I’m prepared to eat a lot of crow on this one. Before seeing it, every time World War Z crossed my mind, the only thing I could think of was the truly awful-looking CGI. That’s absolutely a part of the movie, but it’s by no means the entirety of it. Upon leaving the theater, I was quite pleasantly surprised. So much, in fact, that I think everyone should go see it if the opportunity arises. You should more-or-less know what you’re getting yourself into: Brad Pitt with golden, almost-flowing locks and a global zombie infestation. Regardless of what you might have heard about WWZ’s troubled production, Pitt’s locks hold up mightily in the face of certain death, and the movie is all the better for it.
I joke about his hair because I’m jealous, but Pitt’s on-screen charisma goes a long way. I wouldn’t put his performance in WWZ anywhere near his best work, but it’s still fun to watch him globe-trot in an attempt to prevent a near-apocalypse from turning into a full-blown one. His character doesn’t give him much to do in the way of flexing his acting chops, but at the same time, I don’t feel like it’s necessary.
Pitt plays Gerry Lane, a former U.N. worker tasked with figuring out the answer to a viral outbreak that turns people into mindless biting machines. To make the attempt, Lane has to stow his family aboard a naval carrier while he flies around the world following clues as to the outbreak’s origin and potential cure. On that note, I really like the relationship between him, his wife (Mireille Enos), and his two daughters. They admirably serve as the anchor to everything else going on, and while it works for the majority of the movie, his family is unceremoniously dumped from the story toward the end. Doing so is a mistake, because the fleeting conversations they’re able to have with each other over a barely-working cell phone remind everyone what he’s really fighting for.
As for what he’s fighting against, it’s a god-awful mishmash of zombie crowds that swirl and twirl around each other like a tidal wave of ants. It’s laughable, and no amount of finessing can explain away how (former) human beings are able to move like that. Thankfully, there are times when individual zombies are needed, and in those instances, they look great. Nothing will ever replace real blood, sweat, and tears, and a scenario during the last quarter of the movie is a testament to that notion. I won’t describe it, since I’d call it the highlight of the movie; suffice it to say that it doesn’t involve any sweeping helicopter shots of zombie hoards, as the trailers are all-too-ready to display.

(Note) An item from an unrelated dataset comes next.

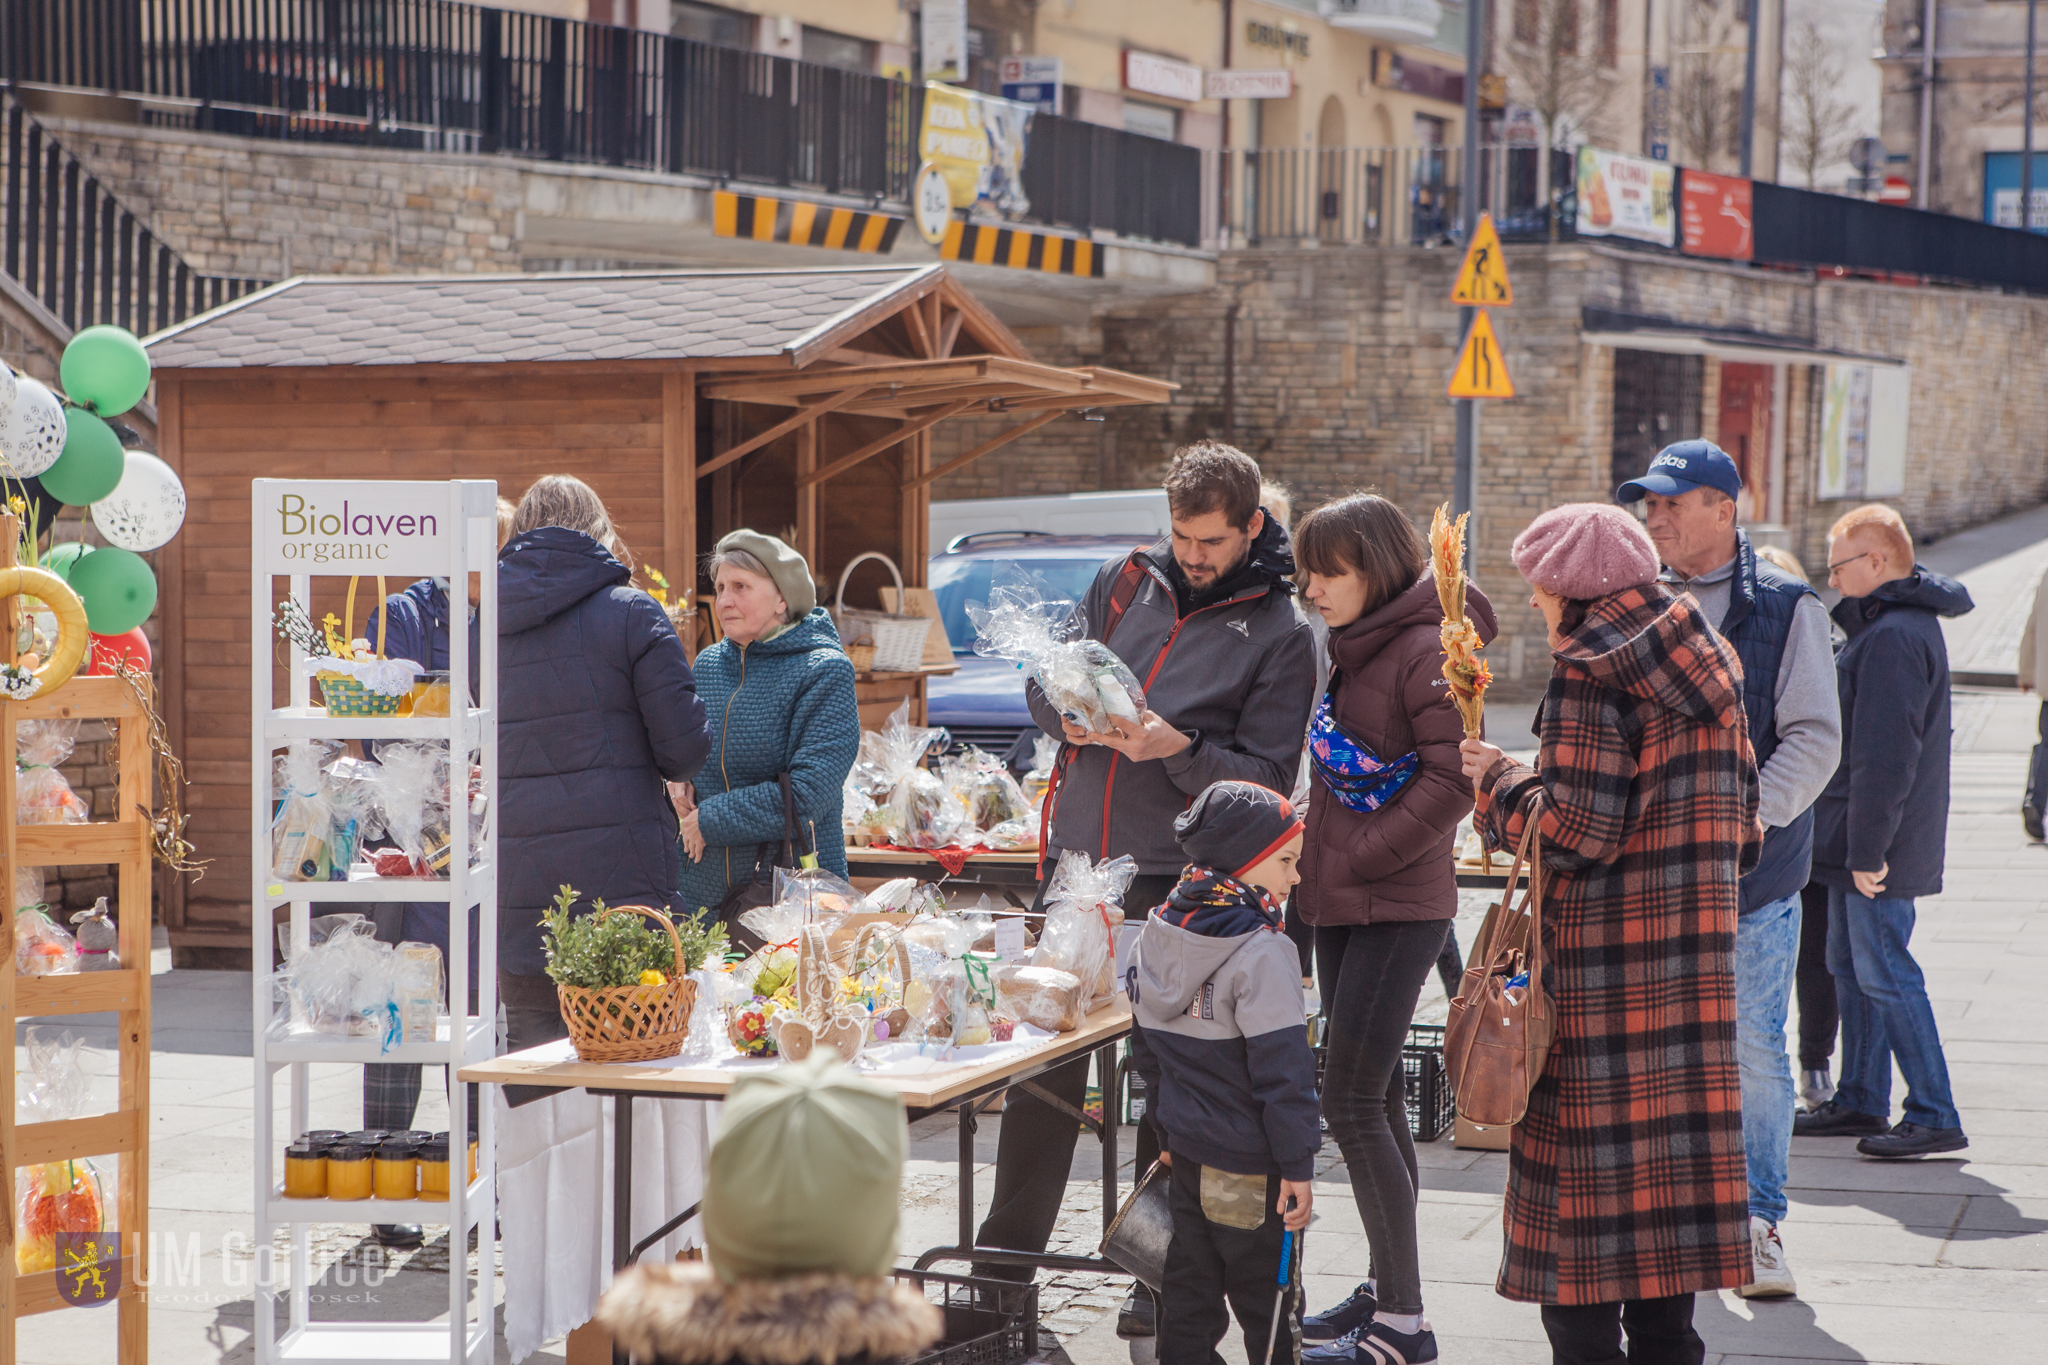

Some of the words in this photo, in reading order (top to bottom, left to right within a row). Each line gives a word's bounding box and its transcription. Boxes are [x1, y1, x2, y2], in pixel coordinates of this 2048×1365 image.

[277, 494, 437, 536] Biolaven
[282, 542, 389, 563] organic
[1204, 986, 1212, 1017] EVERY

If you’ve seen Quantum of Solace, then you’re aware of how WWZ’sdirector, Marc Forster, handles action sequences; namely, he fails at them. Just imagine the hurried shaky-cam of the Bournemovies but without proper spacing or coherence. Quantum is particularly bad about this, and while there are several instances of incomprehensible action in WWZ, it doesn’t happen with enough frequency to ruin the whole experience. Still, it’s worth mentioning, since I did notice myself throwing my hands up in frustration a couple of times and whispering “Damn you, Marc Forster!” as Pitt tangles with a zombie up-close.
That and the CGI zombies are the most damning things I can say about WWZ. It’s the Brad Pitt show, and in that respect, the whole thing works by virtue of being carried on his capable shoulders. There’s actually not terribly much gore for a zombie flick, but I don’t mind that at all. Like I’ve been saying, it’s all about the characters and the situations both them, and the world, are in. I’m also grateful that the movie almost totally shies away from the cliché of the living being more dangerous than the undead. That will probably always be true, but at this point, the theme has been beaten into the ground, stomped, and then beaten some more with steel-toed boots for good measure. I get it: humans can be really shitty to each other when problems arise. WWZ doesn’t much concern itself with that, so a big sigh of relief is due on that front.
The only other thing I can think of that doesn’t work in the movie’s favor is a certain aspect of the ending. Once the conflict of the story is resolved, it feels like the situation and characters are rushed toward the credits. I’m aware of an alternate ending floating around the internet, but I have yet to look at it. Maybe that one is better, but as for the one on the screen, another five minutes or so focusing on the aftermath of the outbreak could have gone a long way in the name of solid closure.
Oddly enough, I didn’t notice any of the typical ill effects of having Damon Lindelof rework the theatrical ending, which is a small miracle in-and-of-itself. Rushed as it is, there aren’t any of his trademark logical flaws or any signs of his penchant for mystery. Maybe he should just “fix” endings from now on instead of writing whole scripts. All this is to say that WWZ genuinely surprised me. The drama is engaging; the characters and situations are down-to-earth; and man, I want Brad Pitt’s hair. Don’t let the trailers fool you like they did me.